To configure Mac devices to use DNS Protection with Secure DNS, do as follows:

  1. On the Mac device, open a terminal and create a file with the name sophos-dns.sh.

  2. Paste the following script into the file:

    #!/bin/bash
# Sophos DNS Configuration Generator
# Usage: ./sophos-dns.sh <doh_url>
# Example: ./sophos-dns.sh https://dns.com/dns-query

DOH_URL=${1:?Usage: $0 <doh_url>}
OUTPUT="dns-config.mobileconfig"

UUID1=$(uuidgen)
UUID2=$(uuidgen)

cat > "$OUTPUT" << EOF
<?xml version="1.0" encoding="UTF-8"?>
<!DOCTYPE plist PUBLIC "-//Apple//DTD PLIST 1.0//EN" "http://www.apple.com/DTDs/PropertyList-1.0.dtd">
<plist version="1.0">
<dict>
    <key>PayloadContent</key>
    <array>
        <dict>
            <key>PayloadDescription</key>
            <string>Configures DNS settings</string>
            <key>PayloadDisplayName</key>
            <string>DNS Settings</string>
            <key>PayloadIdentifier</key>
            <string>com.apple.dnsSettings.managed.custom</string>
            <key>PayloadType</key>
            <string>com.apple.dnsSettings.managed</string>
            <key>PayloadUUID</key>
            <string>$UUID1</string>
            <key>PayloadVersion</key>
            <integer>1</integer>
            <key>DNSSettings</key>
            <dict>
                <key>DNSProtocol</key>
                <string>HTTPS</string>
                <key>ServerURL</key>
                <string>$DOH_URL</string>
            </dict>
        </dict>
    </array>
    <key>PayloadDescription</key>
    <string>DNS Protection DoH</string>
    <key>PayloadDisplayName</key>
    <string>DNS-Global DNS over HTTPS</string>
    <key>PayloadIdentifier</key>
    <string>com.example.dns.profile</string>
    <key>PayloadRemovalDisallowed</key>
    <false/>
    <key>PayloadType</key>
    <string>Configuration</string>
    <key>PayloadUUID</key>
    <string>$UUID2</string>
    <key>PayloadVersion</key>
    <integer>1</integer>
</dict>
</plist>
EOF

echo "✓ Created: $OUTPUT"
echo "  DoH URL: $DOH_URL"
echo ""
echo "Opening installation dialog..."
open "$OUTPUT"

  3. Run the following command to make the sophos-dns.sh file an executable file:

    chmod +x sophos-dns.sh

  4. Run the following command to download the DNS-Global DNS over HTTPS profile, replacing <DNS over HTTPS URL> with the DNS over HTTPS URL you copied from Sophos Central.

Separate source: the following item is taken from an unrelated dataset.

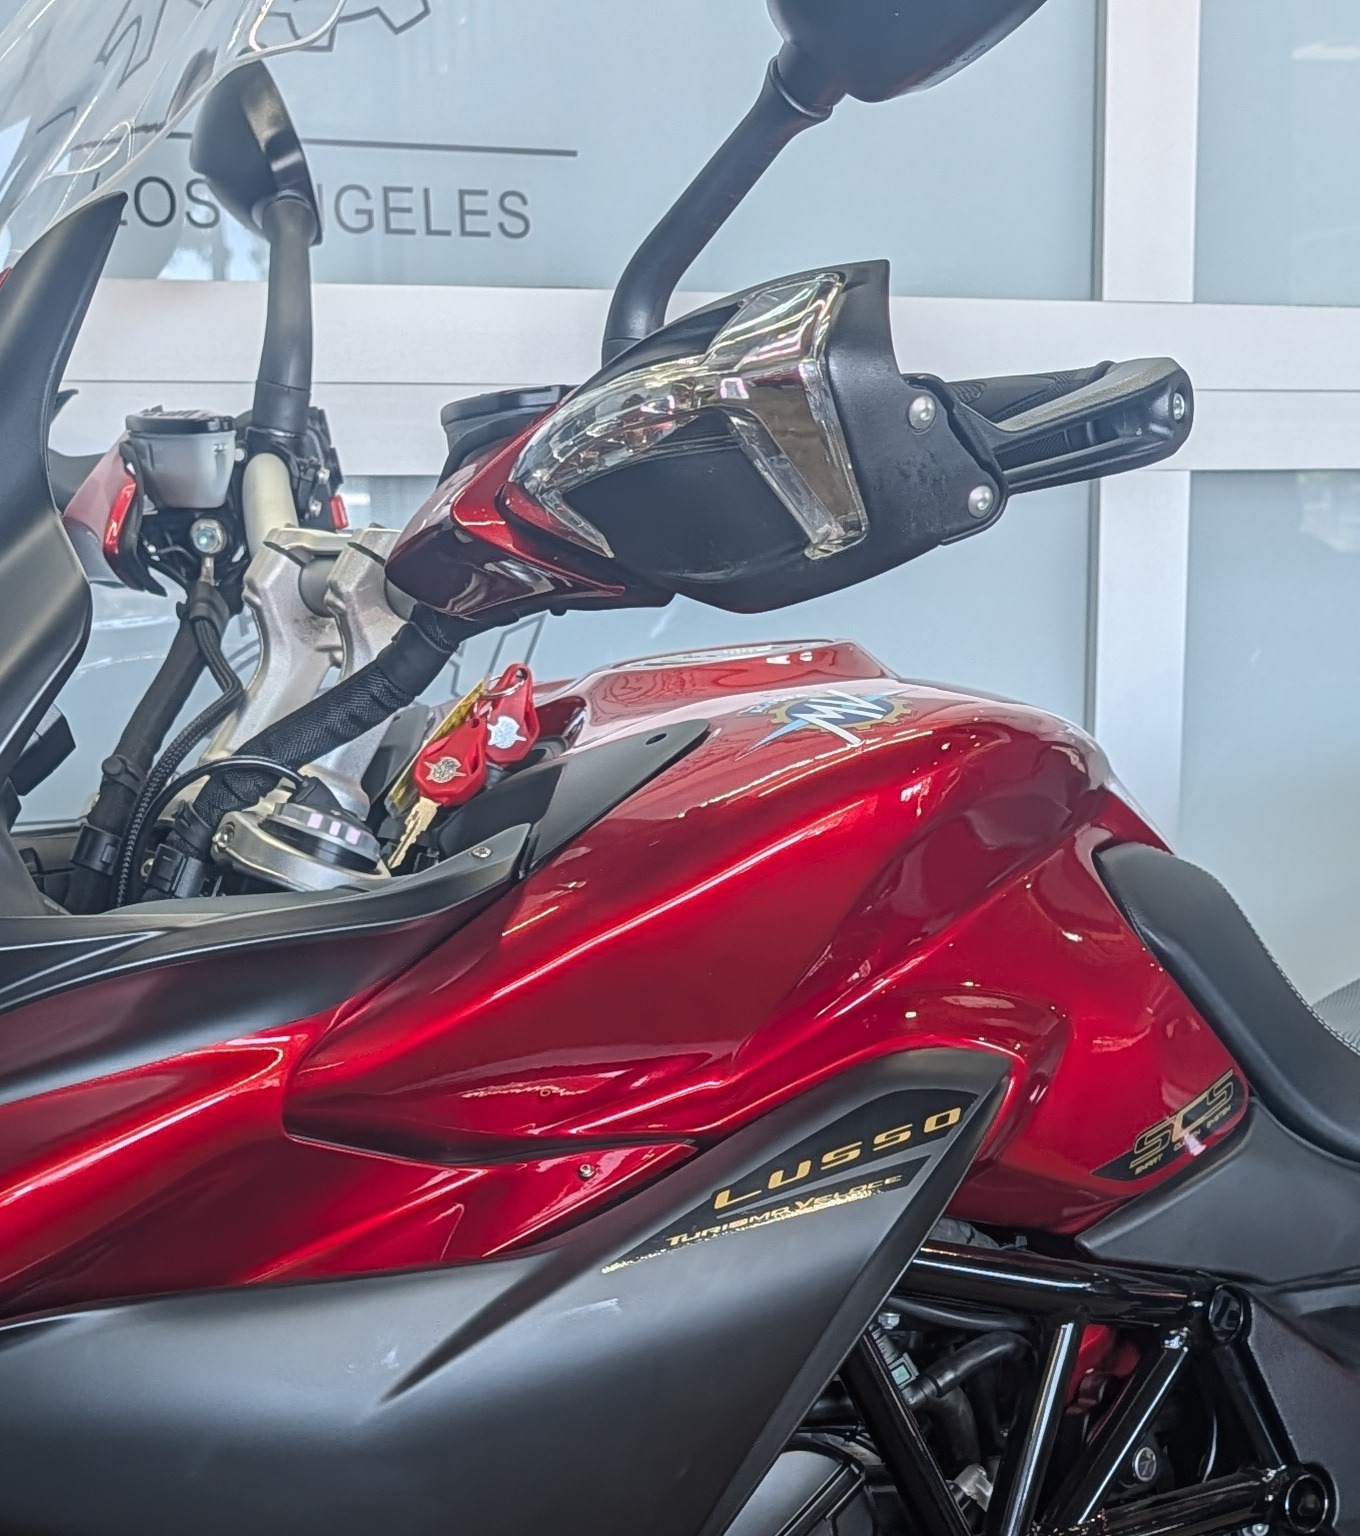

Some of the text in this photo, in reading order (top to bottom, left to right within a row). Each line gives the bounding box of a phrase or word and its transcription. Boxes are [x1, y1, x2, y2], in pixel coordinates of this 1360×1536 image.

    sudo ./sophos-dns.sh <DNS over HTTPS URL>

  5. Enter your administrator password.

  6. Click OK.

    Profile downloaded confirmation message.

  7. Go to Device Management and double-click DNS-Global DNS over HTTPS.

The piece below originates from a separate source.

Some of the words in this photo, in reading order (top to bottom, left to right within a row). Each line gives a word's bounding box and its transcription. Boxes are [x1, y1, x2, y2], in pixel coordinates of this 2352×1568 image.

    The "DNS-Global DNS over HTTPS" profile on the "Device management" screen.

  8. Click Install.

    Device managment confirmation message.

  9. Click Install.

    Profile installation confirmation message.

  10. Enter your administrator password.

After the installation is complete, the device is ready to use DNS Protection with Secure DNS.